Tahmina Begum explores the memeification of Breonna Taylor
From Pain to Pleasure
Beth Ashley talks us through reclaiming sex after trauma
There’s a lot I took for granted before it happened; the ease of masturbation, the intimacy of holding someone, the warmth of yearning a person in close physical proximity to me. I didn’t lose those desires after being sexually assaulted; they just seemed irreparably prohibited. It’s incredibly difficult to desire sex in a body that wants to protect you and in a society that wants to restrict you.
Pain has always been an easier narrative to squash women into than pleasure. The hurt of periods, childbirth, the glass ceiling. Pain has been coded into our body’s algorithm and expected to continue throughout life. This becomes especially apparent when you experience sexual assault.
I, thankfully, grew up during a time where support for survivors had begun to be normalised. There was an ease the women before me could have never experienced, of just being able to tell someone. When I spoke out about what happened to me, to family, the police and eventually a therapist, I was met with an abundance of emotional support. “You’ll get through this,” they said, and “time will heal you,” as though I’d expire imminently if I didn’t receive at least one well-wish an hour. Comforting and understanding conversations were offered to me about how I could still go to university, how I could still work, how my permanent low mood would lift if I dedicated my time and attention my wellbeing.
But the conversation I needed the most was glaringly missing – a desperate part of my undoing that no one seemed to want to address. I needed an honest conversation about sex.
For a lot of survivors, being assaulted doesn’t come with immediate realisation. For me, accepting what had happened took weeks of mental energy. Once I’d truly accepted I’d been assaulted, my first response was anger. After that, I immediately worried about sex. Would I ever have it again? Do you have to disclose trauma to everyone you sleep with? Will anyone want to have sex with me if I did tell them, or will I seem too fragile, or even ‘dirty’?
I spent a handful of months fluctuating between devastating sadness and rampant horniness. I wanted to have sex, but the thought of being physically intimate with anyone brought the all-too-familiar feeling of hot bile to the back of my throat.
I know plenty of survivors who’ve gone on to thrive and even survive, as the label declares. But what about sex? I don’t want the bare minimum of living, something seemingly triumphant to outsiders for a survivor. I want to experience pleasure, intimacy, love. What truly would have benefitted me, amongst the therapy and emotional support, would have been open and honest conversations about sex. I needed someone to tell me I didn’t have to stay in pain. In our social climate, achieving this would be incredibly difficult.
Female pleasure is poorly understood and vastly unspoken; a locked-away taboo whose doors snap shut as soon as someone pries them open. It’s an unfair stigma that caused me to be sexually assaulted before I had any meaningful understanding of how my autonomy works. If we’ve only just begun to discuss female sexuality with each other generally, how was I going to discuss female sexuality after rape? And who would I discuss it with?

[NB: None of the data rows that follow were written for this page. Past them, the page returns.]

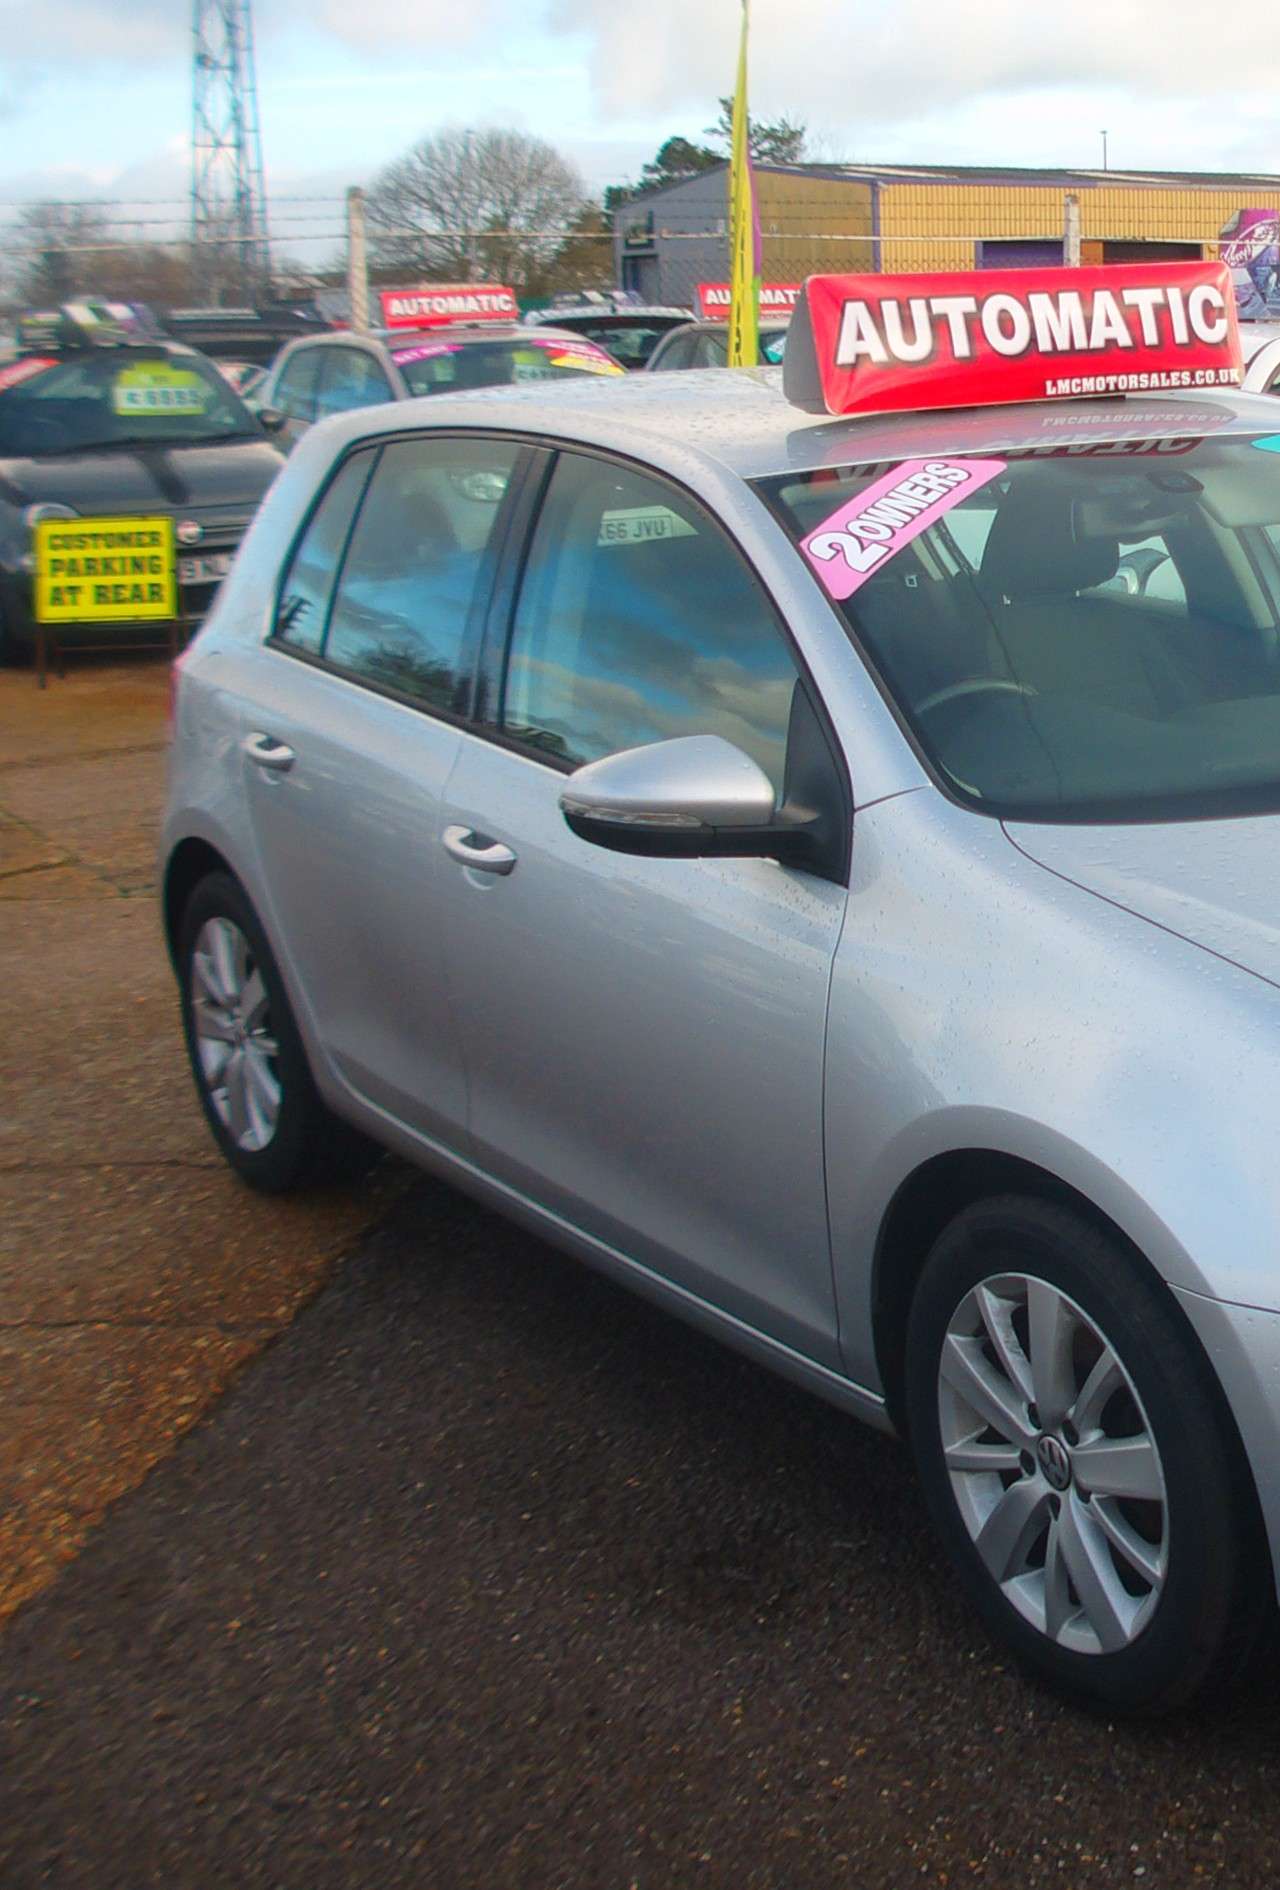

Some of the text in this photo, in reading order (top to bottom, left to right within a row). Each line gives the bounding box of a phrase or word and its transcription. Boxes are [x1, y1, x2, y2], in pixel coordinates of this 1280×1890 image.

[390, 294, 513, 316] AUTOMATIC
[835, 285, 1229, 367] AUTOMATIC
[1045, 368, 1240, 395] LMCMOTORSALES.CO.UK
[808, 463, 972, 574] 2 OWNERS
[48, 531, 162, 551] CUSTOMER
[49, 555, 162, 578] PARKING
[49, 582, 163, 607] AT REAR

Even now, five years on, I’m not sure I have the language to articulate what I’ve lost, and what I’ve gained; the complexities of yearning for sex, only to have it snatched away by trauma just seconds later. It’s hard to speak about something that’s never been discussed before.

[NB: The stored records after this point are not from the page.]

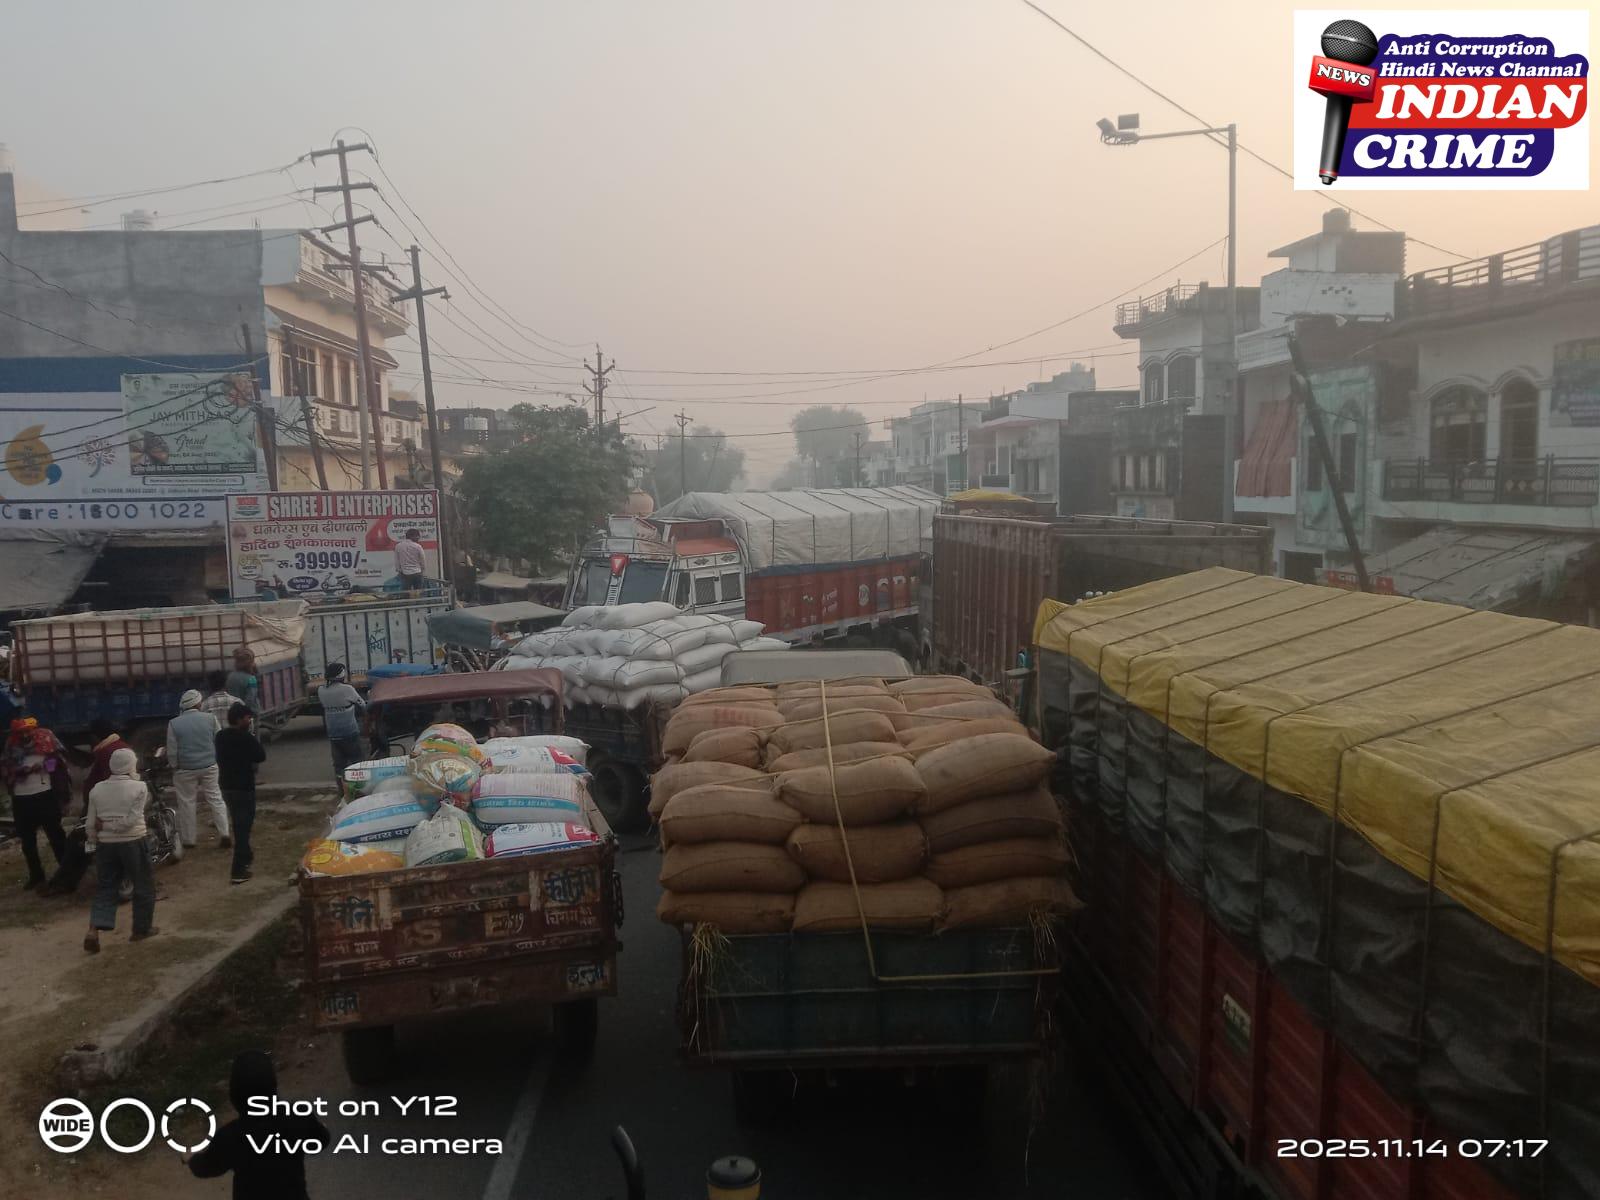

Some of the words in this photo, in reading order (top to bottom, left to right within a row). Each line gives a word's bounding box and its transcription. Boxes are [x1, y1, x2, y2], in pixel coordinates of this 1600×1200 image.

[149, 502, 206, 519] 1022
[271, 494, 318, 518] SHREE
[321, 494, 333, 517] JI
[339, 493, 434, 517] ENTERPRISES
[253, 521, 298, 535] धनतेरस
[322, 520, 368, 534] दीपावली
[240, 539, 280, 551] हार्दिक

I can’t pretend that undoing this damage is simplistic. The journey is not linear; it is complicated and individual. For me, prioritising myself and rediscovering my sexuality as a survivor was the big ‘fuck you’ I needed to throw at society, for not allowing me to feel normal about sex.

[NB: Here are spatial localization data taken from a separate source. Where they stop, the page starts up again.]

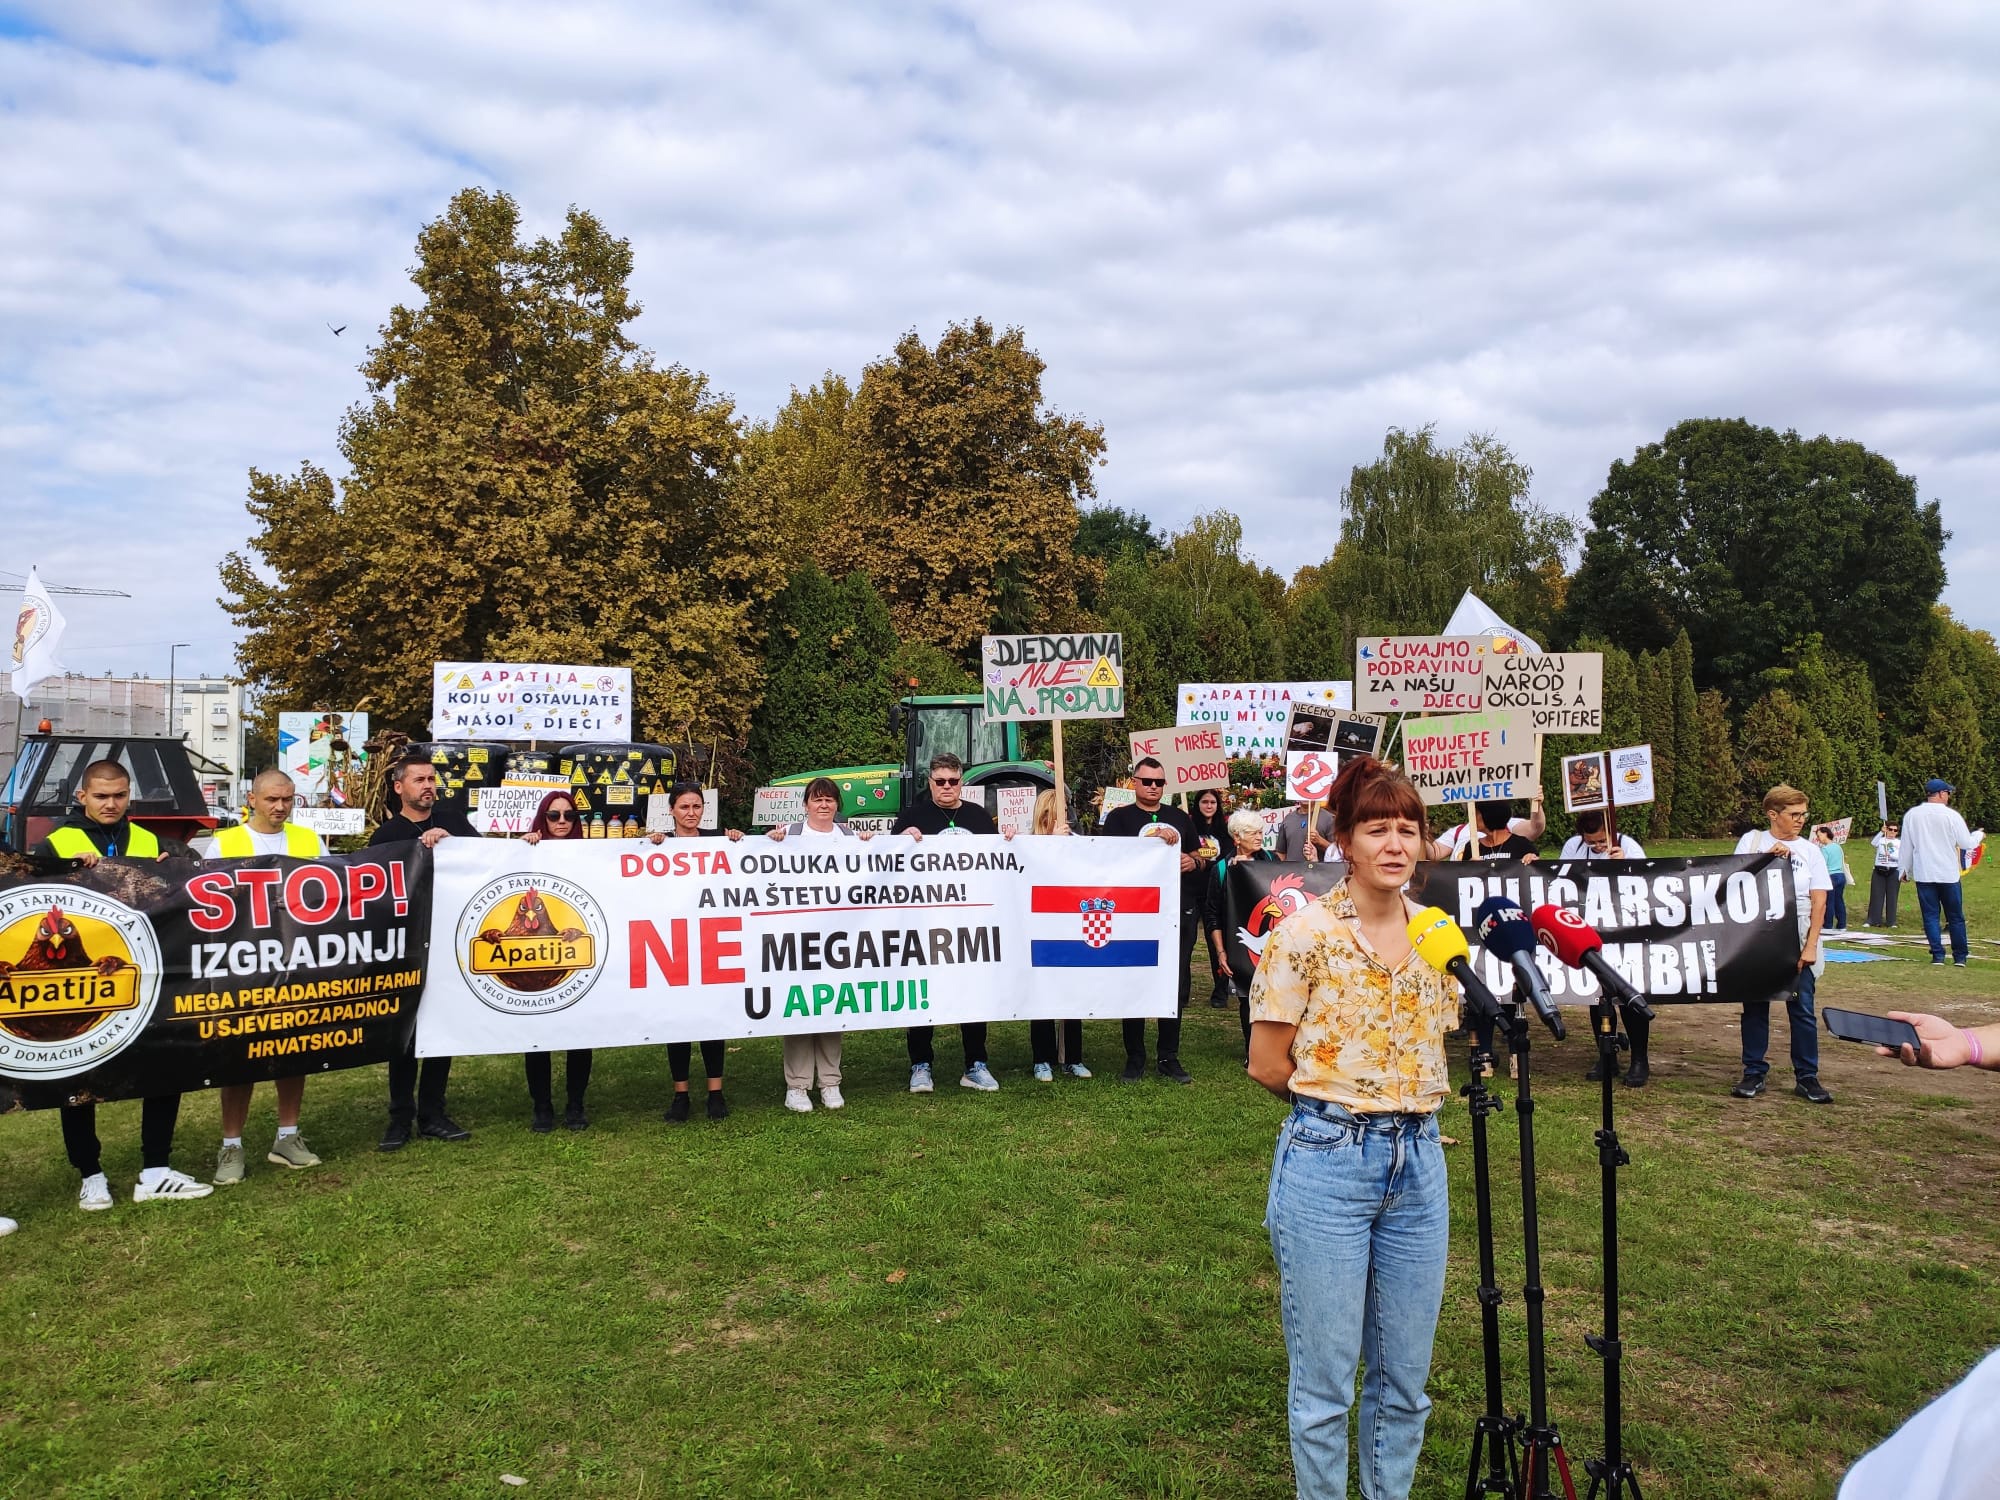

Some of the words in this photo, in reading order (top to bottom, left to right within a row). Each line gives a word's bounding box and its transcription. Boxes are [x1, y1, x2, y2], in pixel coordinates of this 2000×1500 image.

[990, 634, 1122, 667] DJEDOVINA
[1379, 637, 1470, 659] ČUVAJMO
[1017, 660, 1093, 689] NIJE
[1367, 659, 1482, 677] PODRAVINU
[1504, 655, 1565, 673] ČUVAJ
[481, 671, 578, 685] APATIJA
[1370, 679, 1395, 693] ZA
[1404, 673, 1455, 693] NAŠU
[1485, 673, 1565, 692] NAROD
[1578, 675, 1583, 691] I
[448, 692, 490, 705] KOJU
[497, 692, 514, 704] VI
[522, 692, 620, 706] OSTAVLJATE
[986, 686, 1028, 717] NA
[1036, 685, 1124, 714] PRODAJU
[1422, 693, 1482, 709] DJECU
[1572, 694, 1586, 707] A
[457, 712, 514, 727] NAŠOJ
[544, 717, 602, 730] DJECI
[1190, 710, 1229, 722] KOJU
[1237, 710, 1257, 722] MI
[1265, 710, 1286, 722] VO
[1349, 713, 1374, 725] OVO
[1532, 709, 1600, 728] OFITERE
[1133, 739, 1161, 756] NE
[1174, 730, 1222, 753] MIRIŠE
[1224, 736, 1284, 748] BRANI
[1407, 731, 1490, 755] KUPUJETE
[1501, 729, 1506, 745] I
[1407, 750, 1486, 771] TRUJETE
[1176, 761, 1228, 784] DOBRO
[1411, 768, 1471, 788] PRLJAVI
[1478, 763, 1534, 782] PROFIT
[480, 789, 493, 800] MI
[498, 789, 543, 801] HODAMO
[998, 788, 1035, 798] TRUJETE
[1441, 782, 1514, 803] SNUJETE
[484, 800, 538, 810] UZDIGNUTE
[487, 809, 523, 819] GLAVE
[770, 801, 798, 810] UZETI
[489, 818, 501, 832] A
[505, 818, 521, 832] VI
[849, 819, 883, 831] DRUGE
[620, 850, 732, 878] DOSTA
[740, 853, 839, 874] ODLUKA
[845, 853, 861, 874] U
[867, 853, 905, 873] IME
[910, 852, 1025, 874] GRAĐANA,
[21, 895, 75, 908] FARMI
[185, 860, 409, 933] STOP!
[473, 884, 504, 913] STOP
[508, 878, 547, 890] FARMI
[551, 880, 590, 911] PILIĆA
[699, 887, 716, 908] A
[723, 886, 760, 907] NA
[765, 881, 842, 906] ŠTETU
[847, 883, 967, 904] GRAĐANA!
[191, 927, 407, 980] IZGRADNJI
[490, 942, 577, 967] Apatija
[628, 916, 746, 989] NE
[760, 925, 1002, 973] MEGAFARMI
[0, 975, 116, 1010] Apatija
[174, 990, 235, 1014] MEGA
[238, 976, 372, 1008] PERADARSKIH
[374, 968, 422, 990] FARMI
[481, 981, 505, 1001] SELO
[506, 994, 556, 1008] DOMAĆIH
[558, 979, 585, 1000] KOKA
[744, 986, 772, 1020] U
[783, 978, 930, 1019] APATIJI!
[199, 1021, 214, 1039] U
[217, 997, 401, 1037] SJEVEROZAPADNOJ
[14, 1046, 84, 1063] DOMAĆIH
[89, 1024, 125, 1051] KOKA
[247, 1028, 364, 1060] HRVATSKOJ!

Navigating the world of dating and sexuality with trauma was intricate, and at times, upsetting – but it was also liberating. One of the biggest challenges of entering this domain was accepting new changes. Not only had my brain adapted to cope with the trap of trauma, but my feelings towards sex had changed significantly. I tried to remind myself attentively that my sexuality would have eventually changed regardless of trauma; I would have let go of old preferences as I aged and embarked on new adventures. Remembering this and naming them ‘developments’ rather than ‘changes’ helped me become familiar, to utilise them rather than fear them.
These developments covered all bases, from the lingerie I liked, toys I brought into sexual play, and the sexual acts I enjoyed. My sexuality had received an entire overhaul, and while I mourned the things I loved that had disappeared, the prospect of new sexual adventures was exciting. I found comfort in new fabrics, aided exploration with new toys, and I was awakened discovering new sexual preferences.
Something every survivor should hear, but probably hasn’t, is that we’re allowed to feel sexy after sexual assault. We’re allowed to have sex without shame or guilt. We’re allowed to find our small pleasures, to experiment with enjoyment, to slip on some lingerie and admire ourselves. And if you’re not ready to be intimate with someone else, you’re allowed to feel pleasure alone without feeling guilty.
Recovery looks different for everyone. For me, justice was about experiencing pleasure and enjoyment in a body that underwent pain, in a body that the world expected to crumble. I deserve to love my body, I can have sex without shame, and my validity as a survivor is not measured by discomfort or suffering. Survivor self-love is a revolutionary act, an important romantic relationship, and it is beautiful. I deserve intimacy.